The Circle is about more than giving artists money. It’s about understanding and recognizing artists as agents of change who deserve a say in how wealth is redistributed. “We’re not only here to impact our own communities. We’re here to impact the entire financial social investment community,” Fay Darmawi said. “We are here to upend it completely and say if you don’t have an artist on your underwriting committee, you are not making systems change when you don’t have the actual change makers. It’s not you giving us money. We need to be at your table telling you how to give your money.”
Throughout the last year, the Giving Circle has done the very thing artists and leaders so rarely have the opportunity to do: dream, envision, imagine, learn, unlearn, remake, and transform. They have a mission, and they remain nimble, ready to jump into action and respond to emergent opportunities, but they have been able to take the time they need to create a model that is intentional and purposeful, taking advantage of how rare but abundant a resource time is.
“Colonization wants us to tell very linear stories and the ways that so many of us tell stories, even our process in this space, has been nonlinear in so many ways, and I want to uplift that as a value,” Maria Cherry Rangel said of their work.
“It’s about understanding and recognizing artists as agents of change who deserve a say in how wealth is redistributed.”
The Giving Circle dreamed up different funding models and economic models, looking to age-old ingenuity and existing modern, non-capitalist methods to create something truly regenerative. “We can look at really sophisticated indigenous practices and ways that we help regenerate each other in our current lives,” Binta Ayofemi explained. ”We can use that inspiration in creating the fund.”
They explored what success would look like, and also reframed failure and the pressures put on them as BIPOC artists. “A lot of times, at least in my experience in art and cultural spaces particularly as a black person, and for many people of color, failure isn’t celebrated or encouraged or given much space for or funded,” Darryl Ratcliff explained. “And I think it’s really interesting. Can this be a space that helps fund that experimentation, that failure that you need to get to where we all want to go?”
A group of strangers coming together for a series of workshops and finding so much solidarity that they decided to form a collective is remarkable—what’s even more remarkable is that this all happened virtually. Every month the group met (mostly on Zoom), calling in from home offices, studios, community spaces, cars, parking lots, on set, and more and were able to establish trust and a rare kind of kinship that comes with building something radical with each other and for each other.
“There’s something too that I find interesting, just across the geographical spaces that we’re in,” Victoria Rae Moore explained, of creating the collective virtually. “[With this work,] you imagine people interacting in physical space with one another, and we don’t do that at all yet. That’s something that speaks really loudly to this particular moment in history. There’s so much discovery happening in this group coming together and the processes that we’re forging along the way.”

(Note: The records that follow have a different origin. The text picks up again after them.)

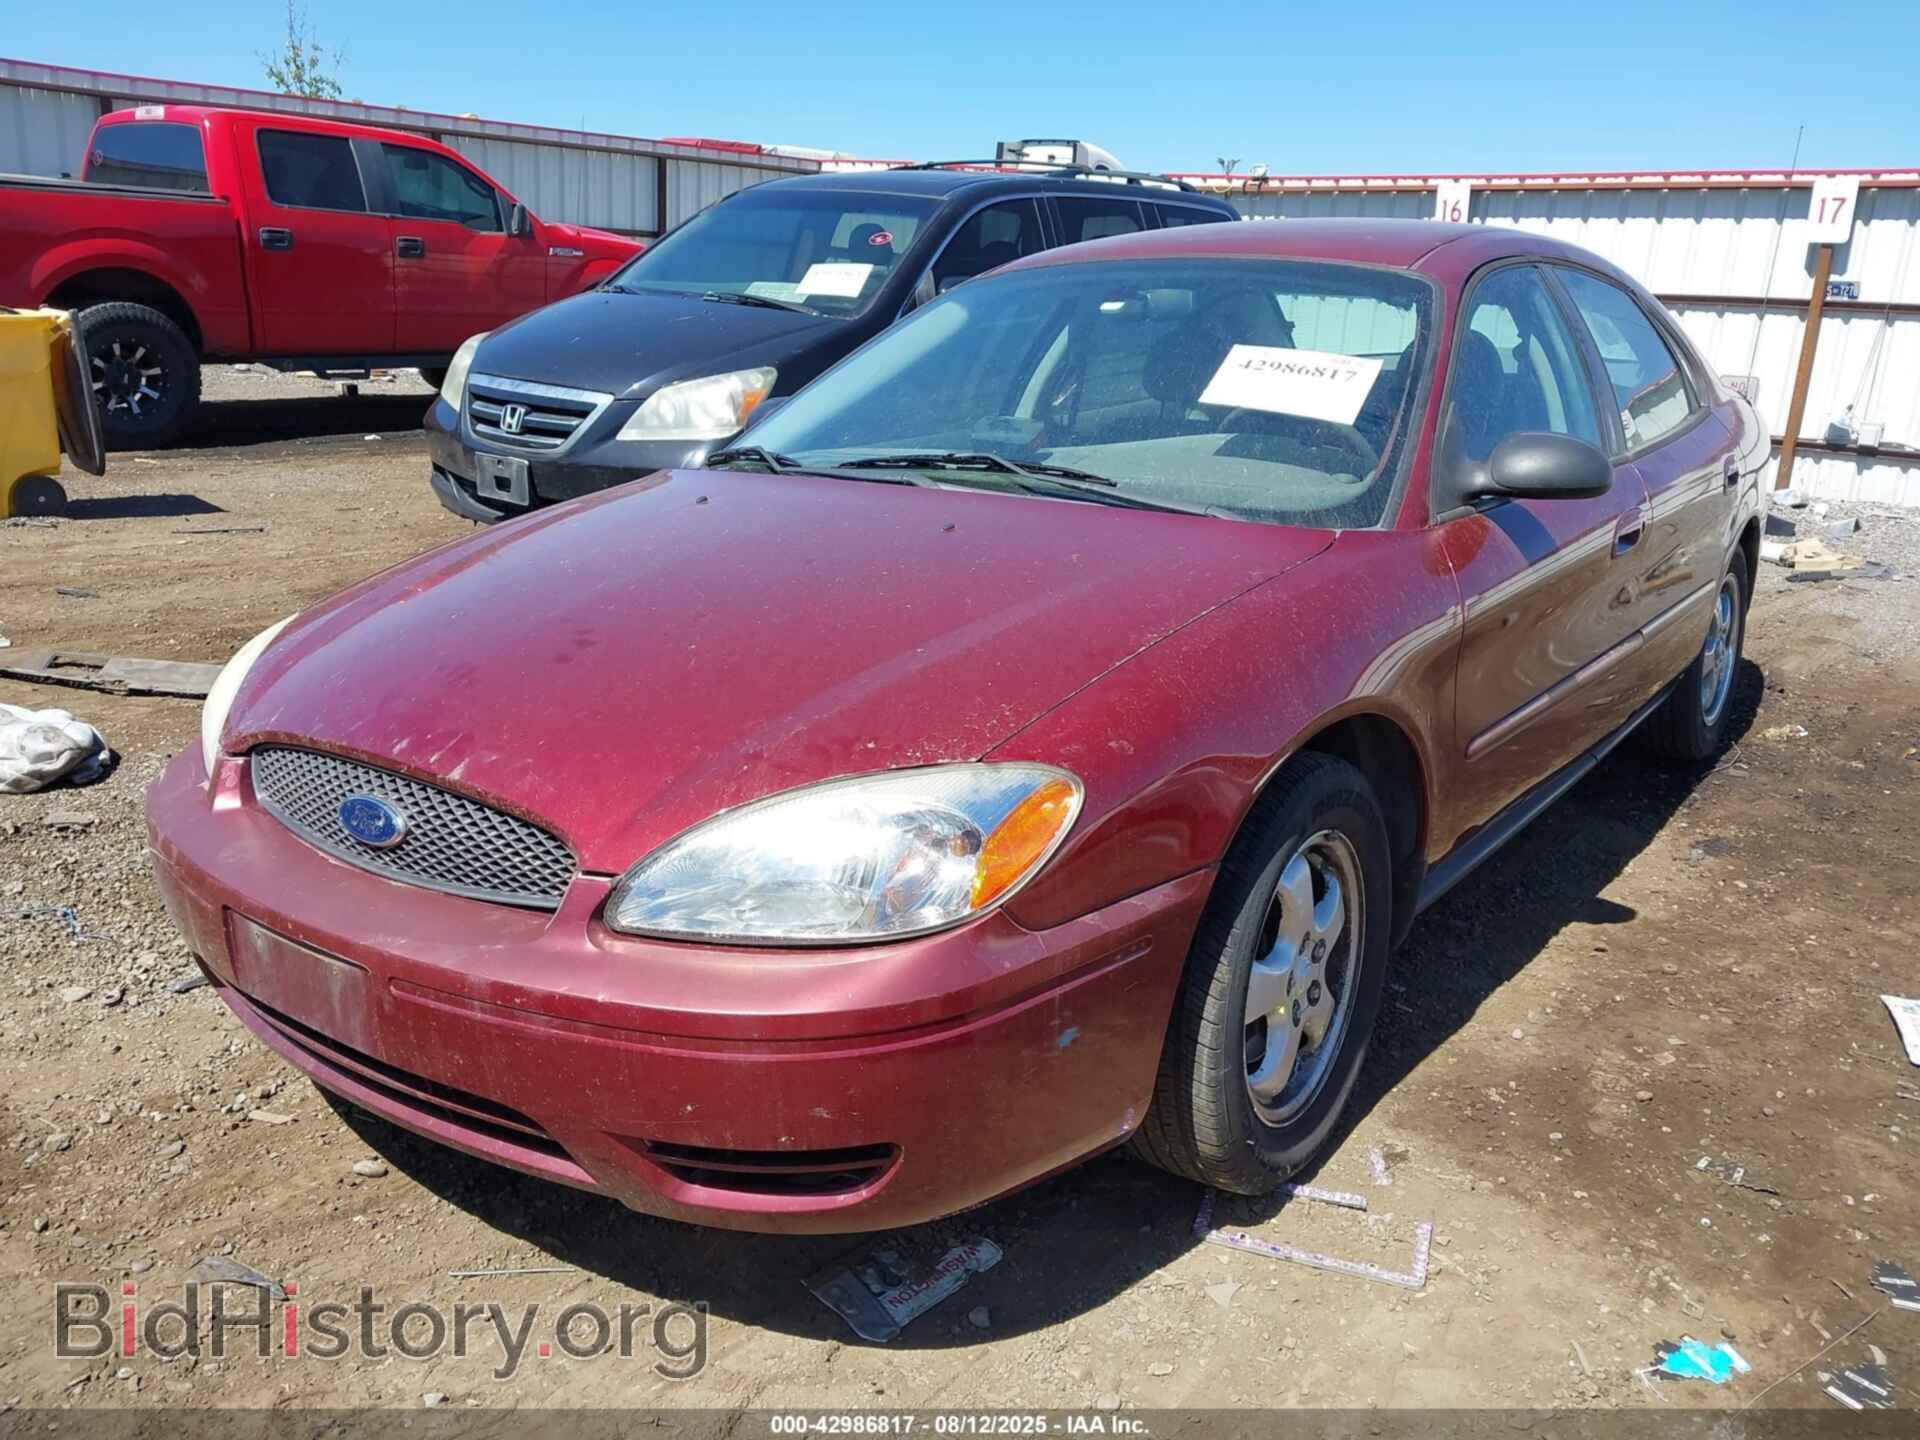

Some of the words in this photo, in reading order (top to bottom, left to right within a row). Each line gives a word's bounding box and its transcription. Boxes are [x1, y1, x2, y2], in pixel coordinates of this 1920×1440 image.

[1442, 199, 1462, 223] 16
[1818, 197, 1847, 224] 17
[1238, 359, 1358, 382] 42986817
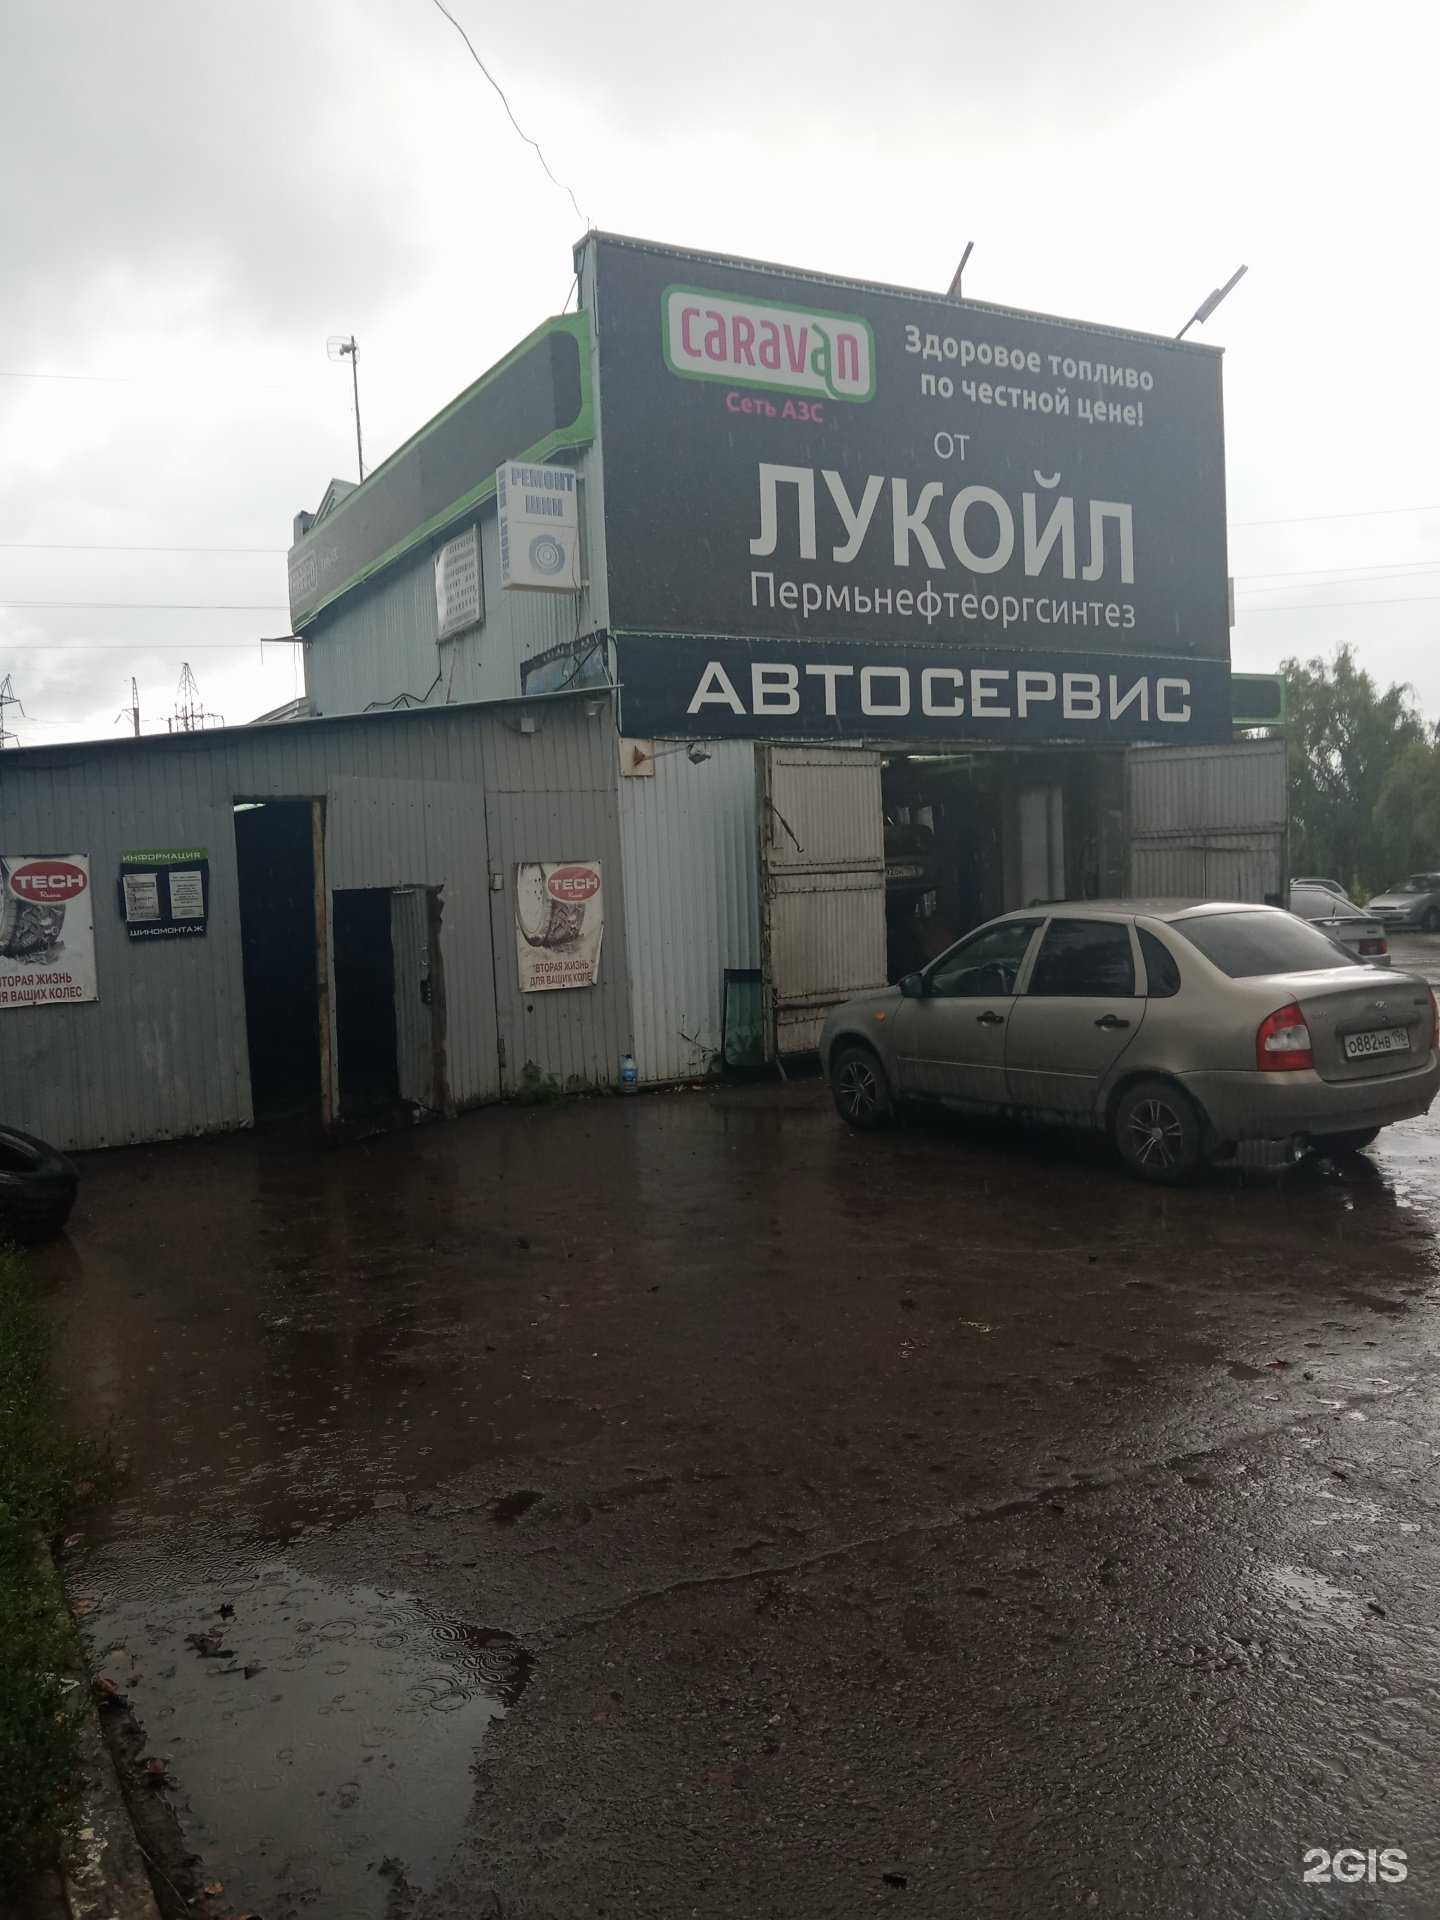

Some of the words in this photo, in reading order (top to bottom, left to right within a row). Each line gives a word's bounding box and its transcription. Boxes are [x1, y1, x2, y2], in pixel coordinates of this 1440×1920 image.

[904, 324, 1042, 373] Здоровое
[1047, 353, 1155, 392] топливо
[726, 391, 776, 417] Сеть
[781, 402, 824, 424] АЗС
[921, 373, 955, 399] по
[961, 379, 1070, 417] честной
[1078, 398, 1144, 427] цене!
[511, 467, 575, 492] РЕМОНТ
[749, 462, 1135, 585] ЛУКОЙЛ
[750, 570, 1136, 629] Пермьнефтеоргсинтез
[685, 660, 1192, 723] АВТОСЕРВИС
[122, 852, 201, 862] ИНФОРМАЦИЯ
[15, 874, 84, 889] TECH
[551, 877, 598, 890] TECH
[129, 925, 204, 937] ШИНОМОНТАЖ
[36, 972, 73, 985] ЖИЗНЬ
[10, 988, 48, 1002] ВАШИХ
[49, 986, 82, 999] КОЛЕС

The Artist-Led Giving Circle continues their work to develop a regenerative model for funding that acknowledges and supports BIPOC artists like themselves and the everyday groundbreaking work that they do for their communities. Every day, they are building the future itself—drawing knowledge from their ancestors to create a world fit for their own descendants.
“I’m thinking of the great great grandchildren of this group,” Allison Akootchook Warden said. “When we’re thinking of the future, we’re thinking about young people and helping young people create something new or learn from what we created. We can give tools and guidelines for people who are looking at alternative models and the future.”